Our pipeline for application downloads works roughly as follows:

An Azure Function App retrieves the CSV files from the Google and Apple APIs respectively.
The function app does some slight preprocessing on the files and then stores them in Azure Storage.
These CSV files are read into our Azure Databricks environment via a streaming query.
Databricks does some processing on the data and writes the results to Cosmos DB.

The result of this pipeline is that we can query App Downloads for any arbitrary period.

Summary of app downloads reported in Metrics

The summary data is calculated by running an aggregate count query against our Cosmos DB container. The charts are rendered by querying Cosmos DB and displaying the entry of each day.

Live Data Initially one of our goals was to surface data and surface it with speed. Up until this point we have only discussed static rolled-up data and the exploration thereof. Whilst this is useful for doing some rudimentary analysis after the fact, these stats are not able to tell our clients what is happening right now. In other words: we haven’t checked expedience off our list.

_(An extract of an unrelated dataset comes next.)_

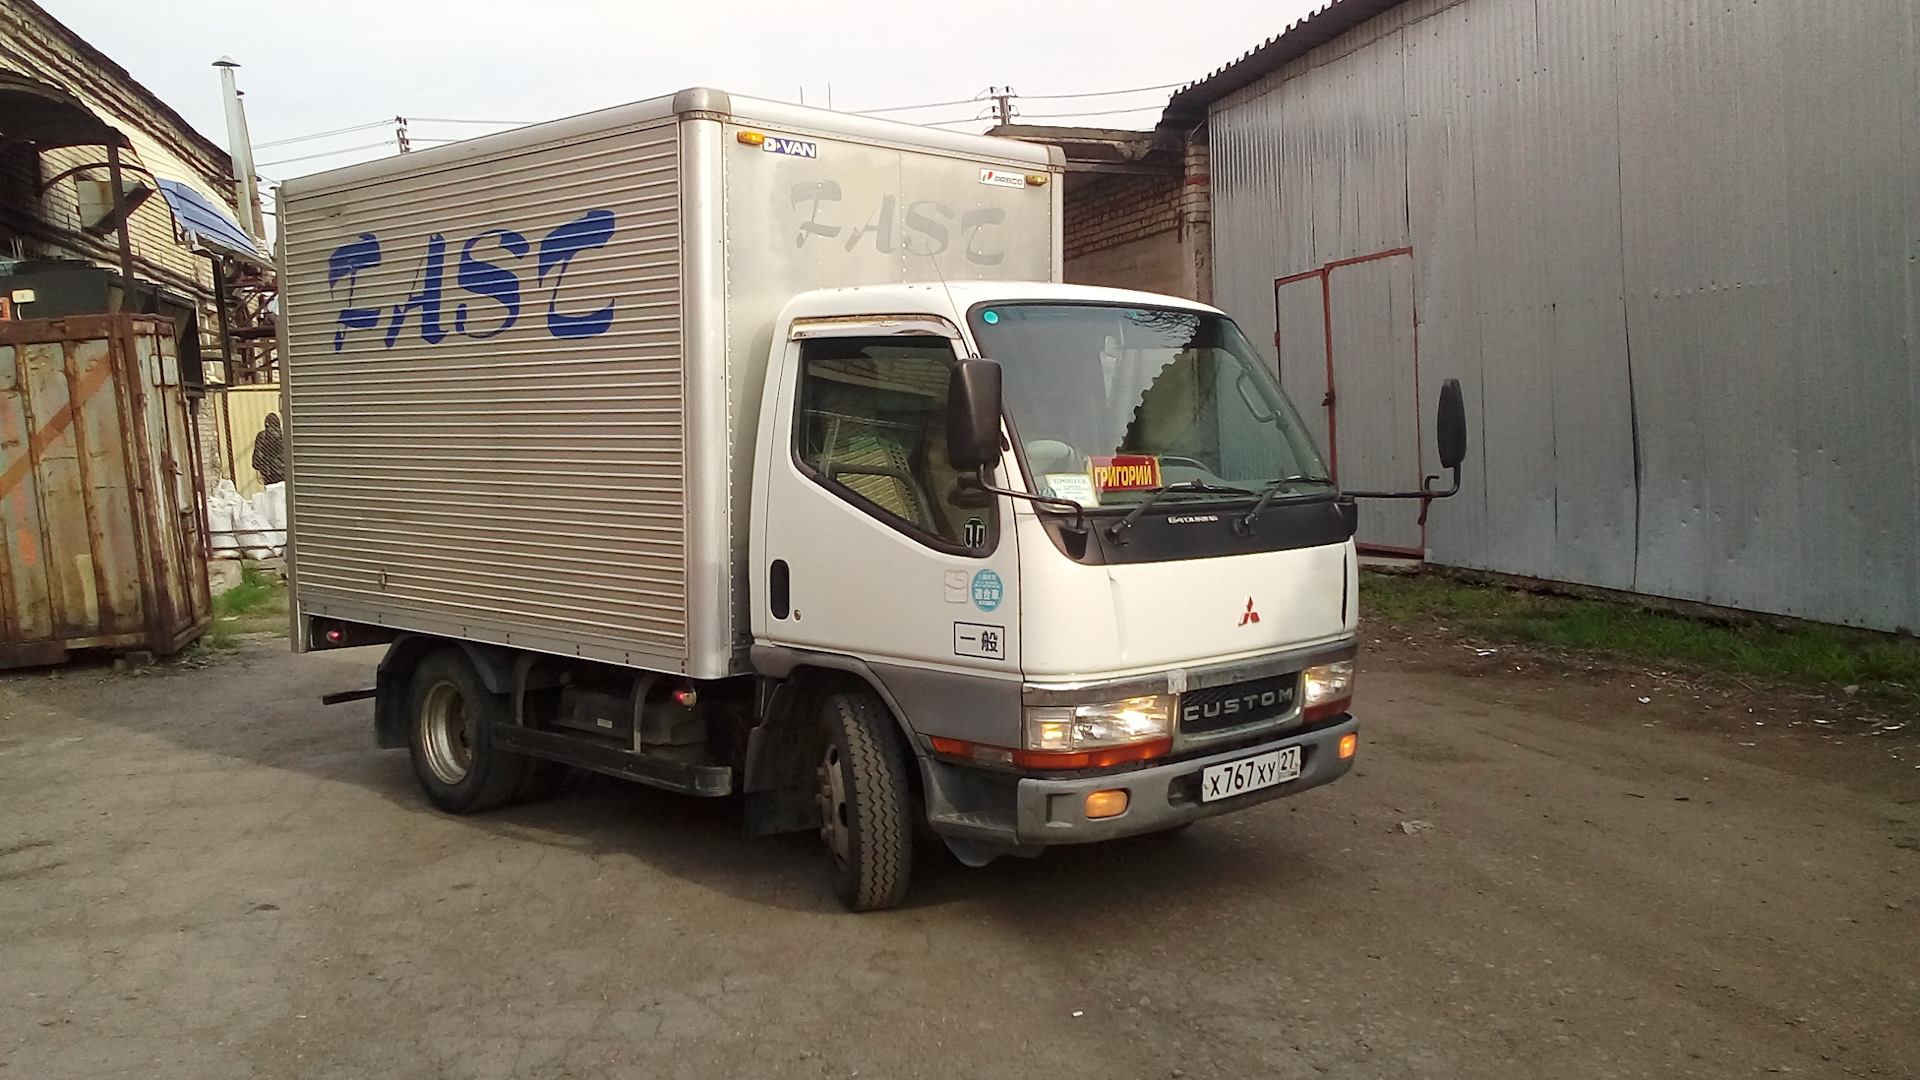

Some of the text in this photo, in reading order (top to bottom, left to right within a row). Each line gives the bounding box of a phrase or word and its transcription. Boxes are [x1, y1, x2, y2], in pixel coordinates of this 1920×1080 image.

To surface live data, we had to do some out of the box thinking. Processing log lines in real time wasn’t feasible as we only rotate the log every hour (unless of course you deem an hour ago as “live”) and we couldn’t really speed up the rotation.

Live Stream Listeners

Real-time reporting of live streaming in Metrics

For stream listeners there are two distinct types. HLS streams and Icecast streams and both of these required a unique approach to surface the live listener data. For HLS we wrote a .NET Core application that we deployed to our HAProxy server. This server checks the HAProxy Stick Table for the listener count of the tenant. We initially tried the HAProxy Stream Processing Offload Engine but this went bad – very bad – as it could not handle the amount of requests our servers were doing. In the end we got it working along the following lines:

Our .NET Core application runs a command to check listener counts on the HAProxy Stick Table.
It sends the listener count over Azure Event Hubs.
An Azure Function picks up the event hub message and stores it in Redis (we keep about 2 hours of this data in Redis).
We query Redis to show live stream data.

Icecast was slightly simpler to retrieve the live listener count for, as it exposes administration endpoints that return XML data. The process is roughly as follows:

An Azure Function imports the listener count from Icecast.
We store the listener count in Redis.
We query Redis to show the Icecast stream data.

Live App Visitors & Engagement

How App Visitors are reported in Metrics

Retrieving the live app engagement numbers follows a very similar pattern to the Icecast listener count imports. We rely on Matomo’s reporting to achieve this. The process is roughly as follows:

An Azure Function imports the current live visitor count and the actions taken in the last minute.
These values are stored in Redis.
We query Redis to show the App Visitor data.

Events

Prior to our Metrics application, Fabrik already had an Azure Event Hub to which it would report events. The reported events are retrieved via an Event Hub Listener. The process is roughly as follows:

An Azure Function listens for events on the Event Hub.
It stores the events in Redis.
We query Redis to show the event data.

The example above is during a relatively quiet hour – it can get crazy at time as seen in the screenshot below.

A busy messaging period captured by Metrics

The Road Ahead

Growing our garden

All things considered, the creation of Metrics has been quite a journey for us and we have learned a lot about what it takes to build a data pipeline that is cost effective and scalable. We aren’t planning on letting the weeds grow in our data garden over the next few months either - our clients have multiple new features to look forward to that are sure to teach us new lessons and provide greater insights into our data.

Our mission to figure out what data we have and where we want to share it is a lot closer to being complete, but will never be completely so. We hope that we can keep delivering valuable insights to our clients and help you answer some of your operational questions going forward by delivering new insights to you.

This journey is not yet over and we’re excited and ready to take on the future of Metrics.